Additionally, our urban and suburban areas are losing trees - and fast! Recent University of Melbourne research (G.M. Moore, “Valuing and Maintaining Urban Forest”, 2013) reveals that shade from trees can drop urban temperatures by up to 8°C, mitigating dangerous heat island effects.  Aside from this, they offer a huge range of other tangible benefits such as increased residential property values (up to 10%), reduced air conditioner use and costs (12-15%), extended life of road pavement (up to 200%), improved motorist behaviour, reduced erosion, and less storm damage to property by buffering winds.

It would seem illogical that tree cover in our cities and towns should decline at all, but that is exactly what is happening. Sadly, we have all played a role in this decline.
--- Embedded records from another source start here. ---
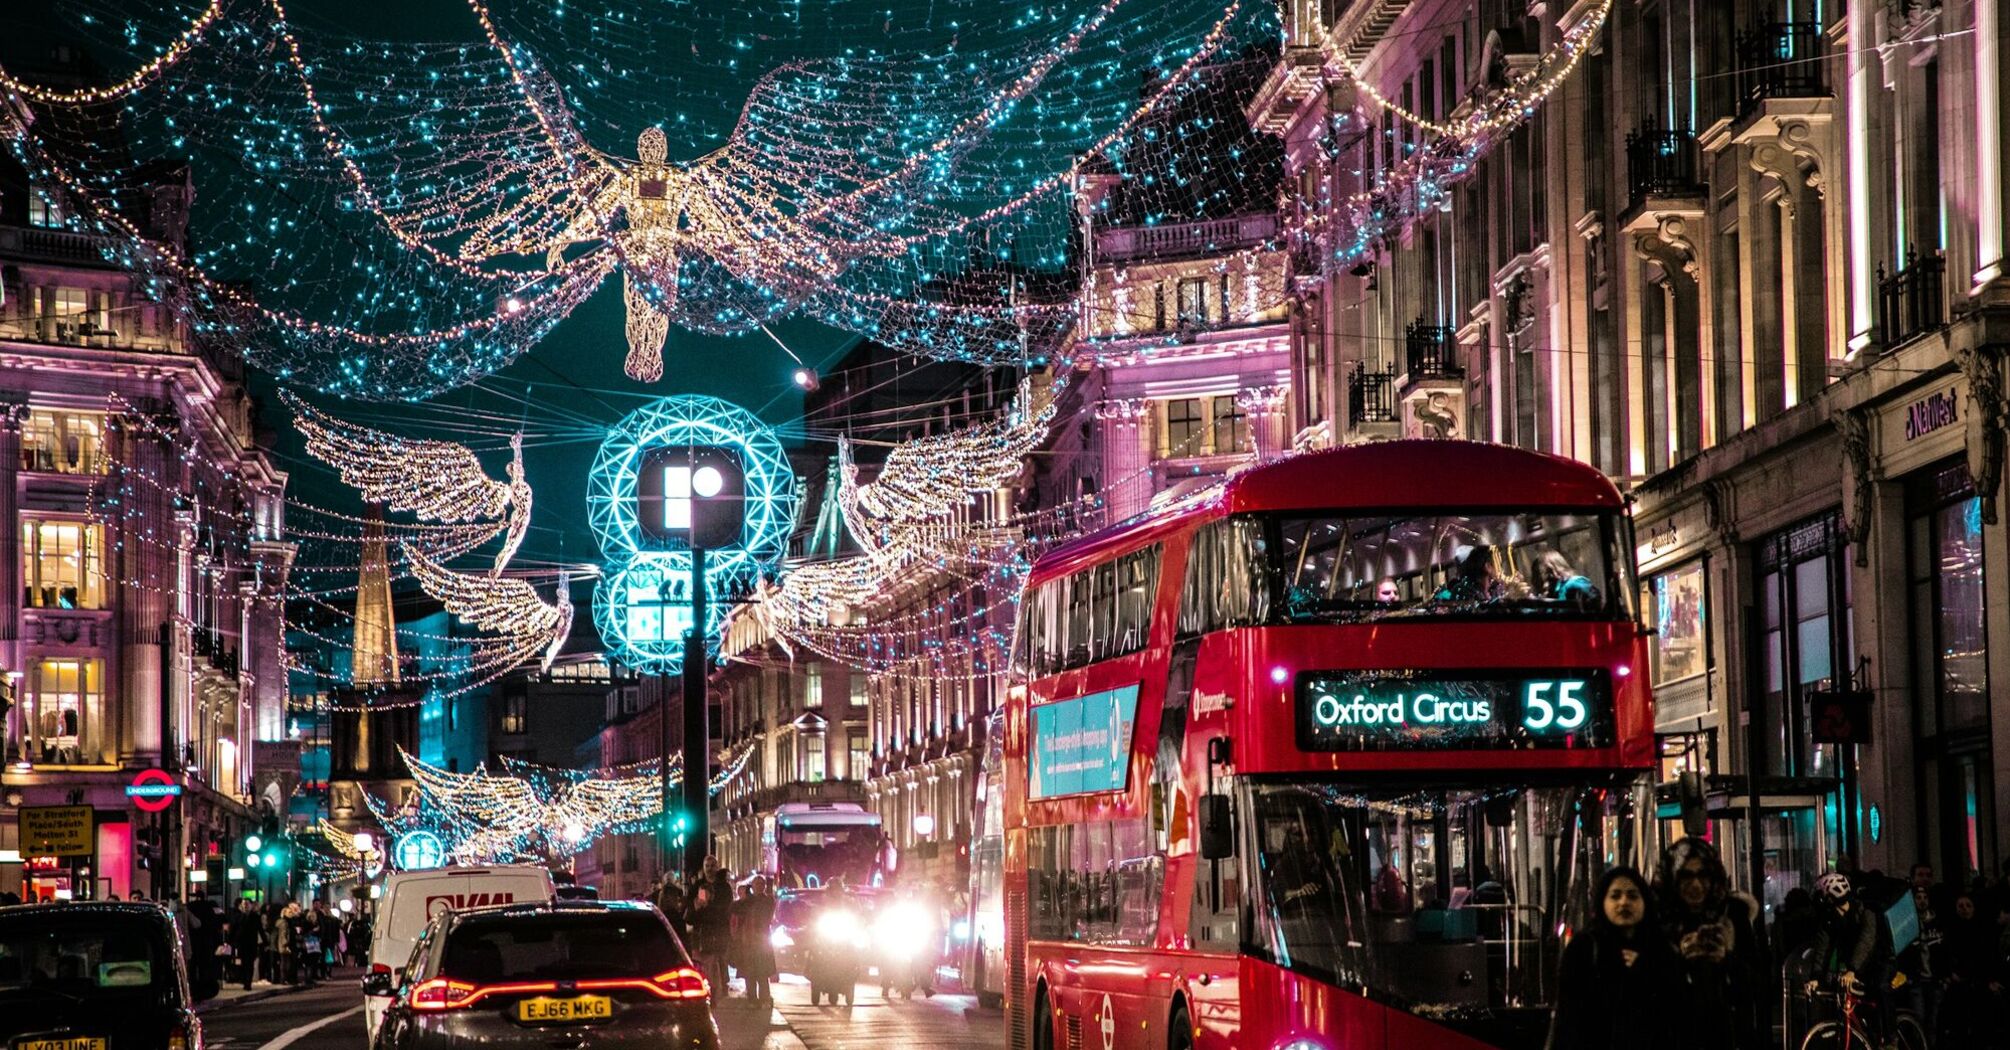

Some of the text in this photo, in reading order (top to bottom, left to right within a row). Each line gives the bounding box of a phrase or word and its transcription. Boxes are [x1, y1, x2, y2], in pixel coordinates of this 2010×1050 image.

[1912, 387, 1958, 437] NatWest
[1316, 693, 1491, 724] Oxford Circus
[1525, 681, 1586, 729] 55
[127, 786, 178, 794] UNDERGROUND
[44, 809, 86, 818] Stratford
[29, 820, 84, 829] Place/South
[527, 1001, 604, 1017] EJ66 MKG
In order to keep houses affordable during the 1980’s and 90’s, homebuyers demanded ready-to-build-on-lots.  This demand on builders and developers resulted in expansive natural landscapes being reshaped, to create flat and cleared home building sites. Even today, some people within the community are not enamoured with trees.  It is commonplace to see up to 20% of freshly planted street trees in new estates pulled out by residents seeking a cleaner and uncluttered presentation to their homes.  

The invisible hand of liability and insurance has also become one of the secret designers of our cities. Large shade trees are seen as a risk because of the fear of falling limbs, or as objects that could potentially be struck by a car. Despite the real occurrence of these events being astronomically low, big trees are increasingly removed from gardens, streets, schools and parks in favour of head-height shrub species, if anything at all.
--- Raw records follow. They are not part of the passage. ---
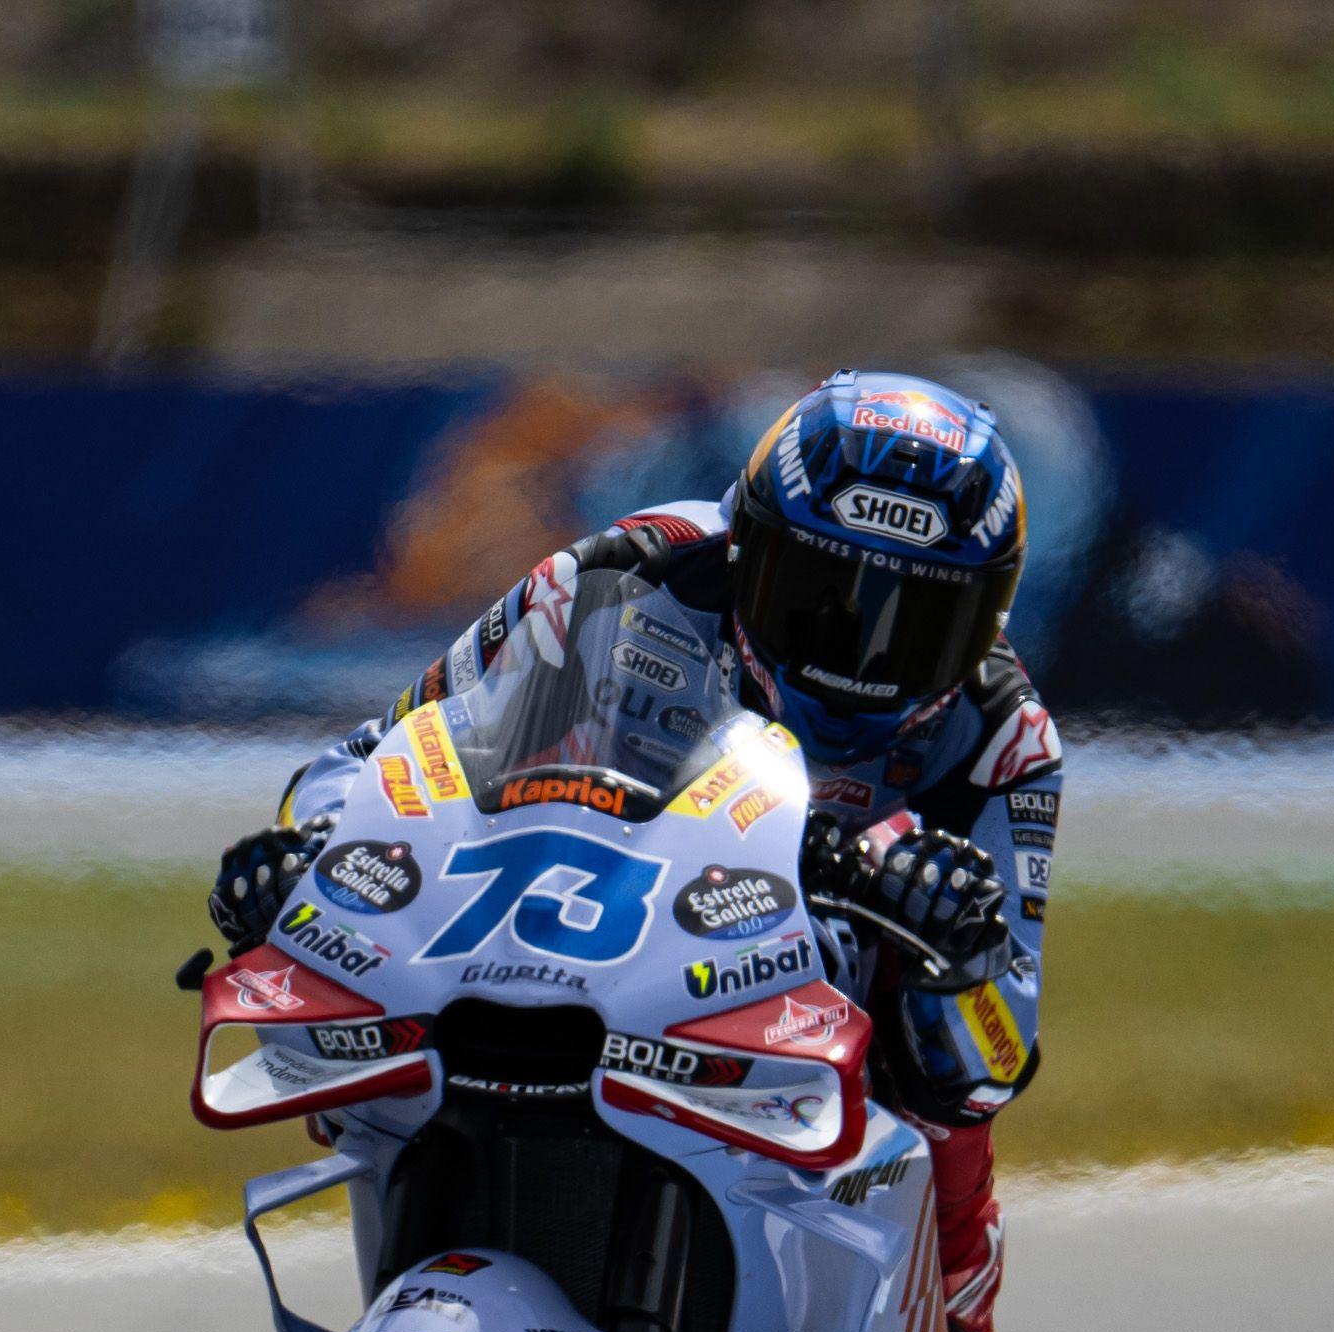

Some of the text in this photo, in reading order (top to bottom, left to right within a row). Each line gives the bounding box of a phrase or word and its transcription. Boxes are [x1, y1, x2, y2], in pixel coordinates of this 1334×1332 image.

[853, 407, 965, 453] Red Bull
[849, 493, 933, 537] SHOEI
[861, 550, 902, 571] YOU
[912, 562, 974, 583] WINGS
[618, 648, 680, 688] SHOEI
[801, 665, 899, 697] UNBRAKED
[412, 709, 460, 798] Antangin
[500, 776, 625, 816] Kapriol
[1009, 793, 1056, 812] BOLD
[331, 861, 391, 906] Galicia
[344, 846, 410, 892] Estrella
[409, 826, 671, 967] 73
[688, 878, 772, 913] Estrella
[701, 894, 779, 928] Galicia
[278, 901, 384, 977] Unibat
[460, 960, 587, 992] Gigetta
[683, 935, 813, 999] Unibat
[317, 1026, 382, 1049] BOLD
[769, 1009, 844, 1039] FEDERAL OIL
[603, 1033, 699, 1075] BOLD
Initiatives for sustainable drainage have also seen the old practice of storing stormwater in a hole in the ground (a drainage sump) be rightly discontinued and replaced with shallow soakage basins.  The problem with this approach, however, is shallow basins can sometimes occupy areas as large as a soccer field, often at the cost of the trees that were there previously. Even tighter water allocations to new residential estates for establishing street and park trees can have a detrimental impact.

We know it is essential that we build walkable neighbourhoods to reduce our reliance on the car and for our own better health. Big shade trees are a critical ingredient to walkability; something which snaps into sharp focus for anyone contemplating a walk to their local shop or school on a hot day. But more than that, we need them to moderate the changing climate of our cities and towns to help save lives at risk through heat stress.

Fortunately, the solution is not insurmountable. It just calls for a commitment from all those people who care about the places in which we live – communities, developers, planners, designers, environmentalists and bureaucrats – to refocus on making our cities and towns greener, in order to achieve a cooler future.

It calls for the participants in the planning process to re-evaluate the priority given to trees in the design and management of our cities. It calls for ensuring that trees are no longer the ‘first cut’ to be made in the planning of our suburbs and cities, but the non-negotiable element that we protect above all else.